Thursday, May 23, 2013

Kris Davis, Capricorn Climber

Kris Davis is seemingly content to follow a direction that brings her music to a place all hers. And why not? Perhaps that music is not one typically played in the smoky, funky jazz clubs of yesteryear, with their modicum of tourists, drunks and traditionalists cheering and clamoring for endless choruses of bebop. Those places are nowadays harder and harder to fill up one's dance card with anyway, and what her music is deserves hearing in whatever places welcome the new, the avant, the smart. There are (potentially) plenty of them and her music should be welcomed there, I would think.
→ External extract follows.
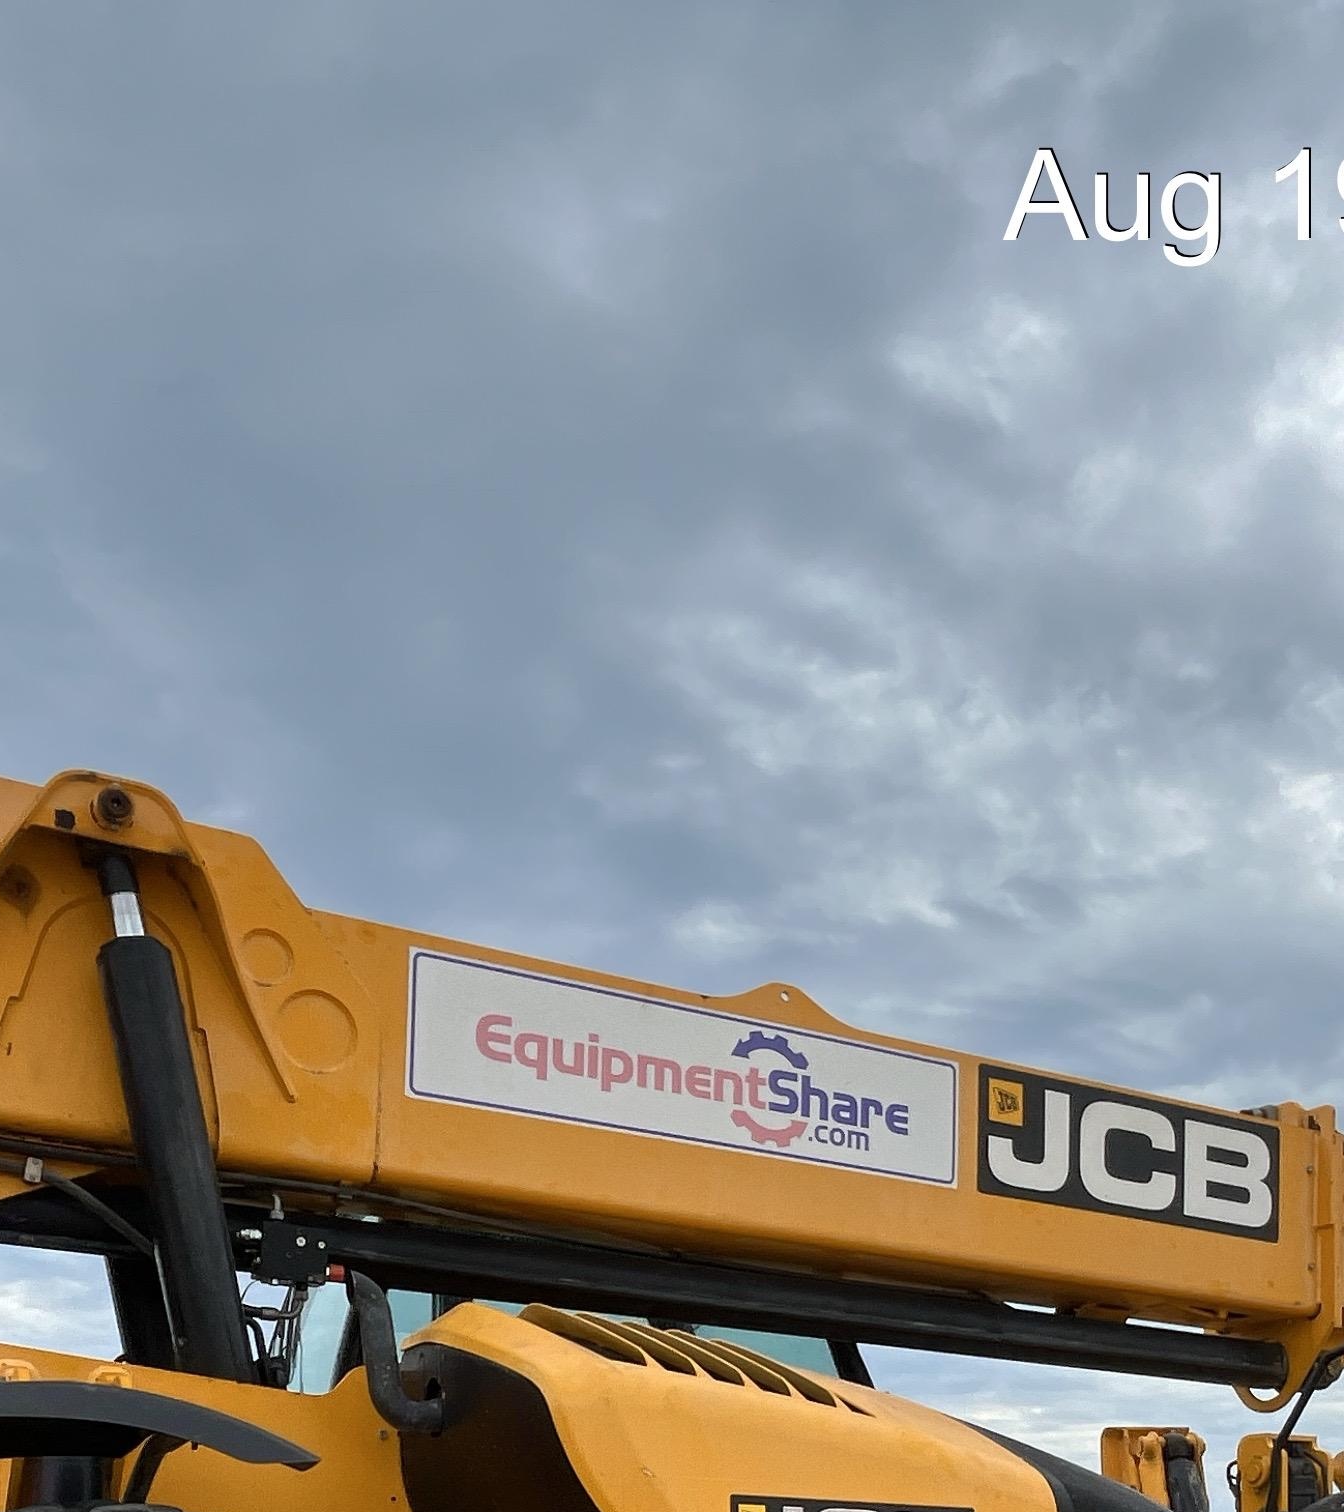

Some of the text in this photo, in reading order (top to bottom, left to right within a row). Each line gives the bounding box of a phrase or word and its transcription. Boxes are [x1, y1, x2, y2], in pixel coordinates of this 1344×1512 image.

[474, 1012, 910, 1136] EquipmentShare
[807, 1120, 871, 1152] .com
[987, 1089, 1272, 1227] JCB
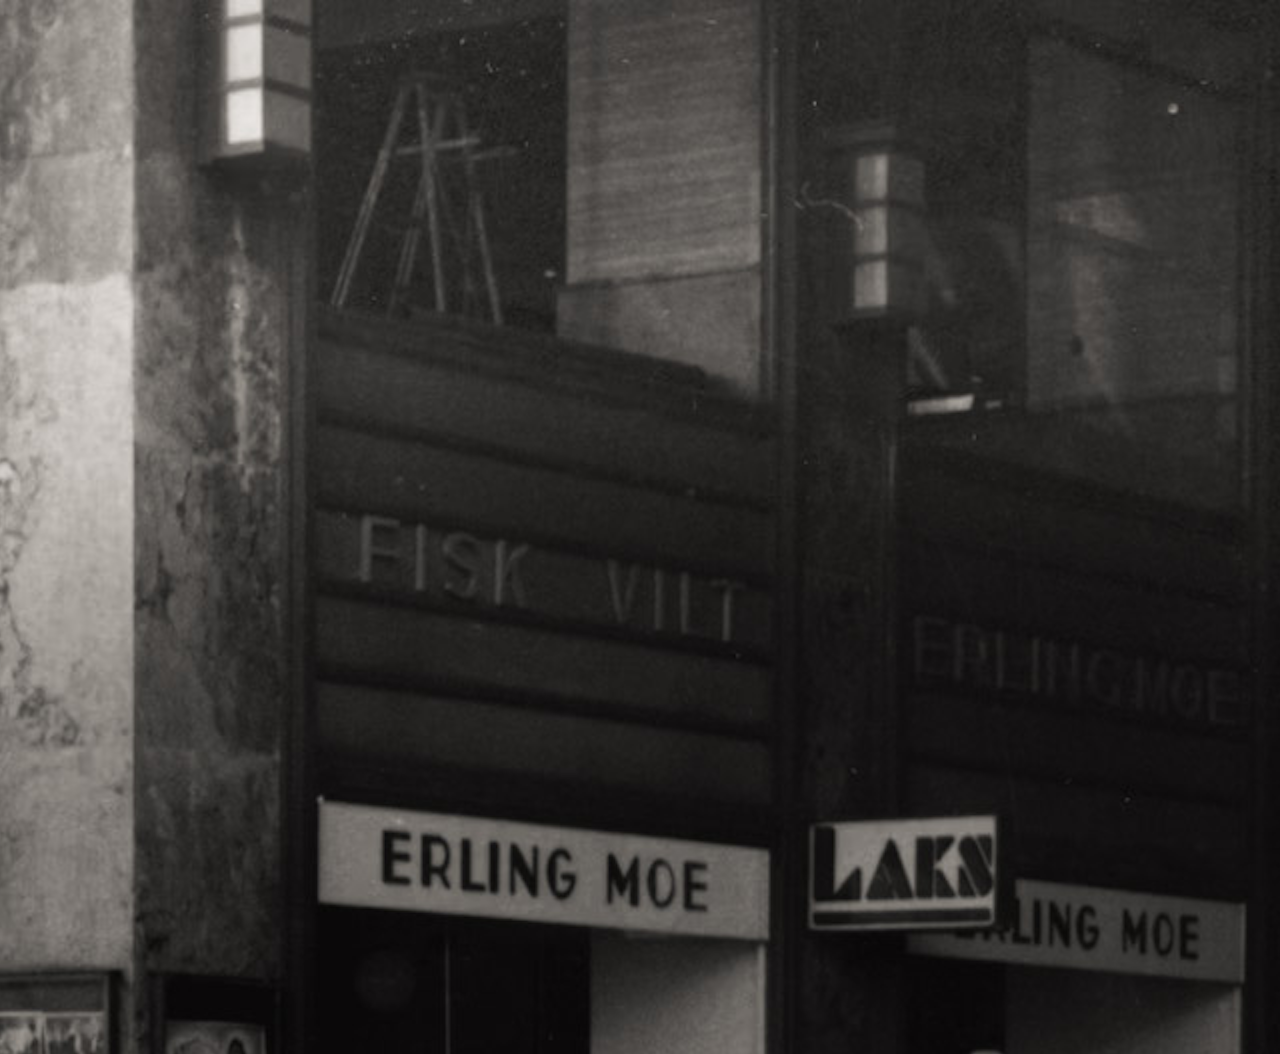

All this hits me as I listen again to her album Capricorn Climber (Clean Feed 268). It's a marvelous ensemble (quintet) effort with new music and improv at the forefront. Kris is on piano and contributes the compositions, all except one collective improvisation. She has an important place in the ensemble, often in the role of fellow front-line melodist and good-ideas improviser, but also as harmonic speller-out. Matt Maneri appears in his very inimitable viola style, a singular force. Ingrid Laubrock brings her tenor and gets a chance to wake us up to her own singularity. Then there is the very first-rate rhythm team of Trevor Dunn, bass, and Tom Rainey, drums, who interpret Kris's charts beautifully and take full advantage of the spontaneous freedom they get in imaginative, personal ways.

Those are the parts at work on this disk. The sum is quite engaging. There are very sublime moments of group counterpoint, and there are all kinds of shades of other music making happening too. Davis and ensemble give us the avant music of the present, of the "right now," and it is music that should be widely heard. Thank you Kris. Thank you quintet!!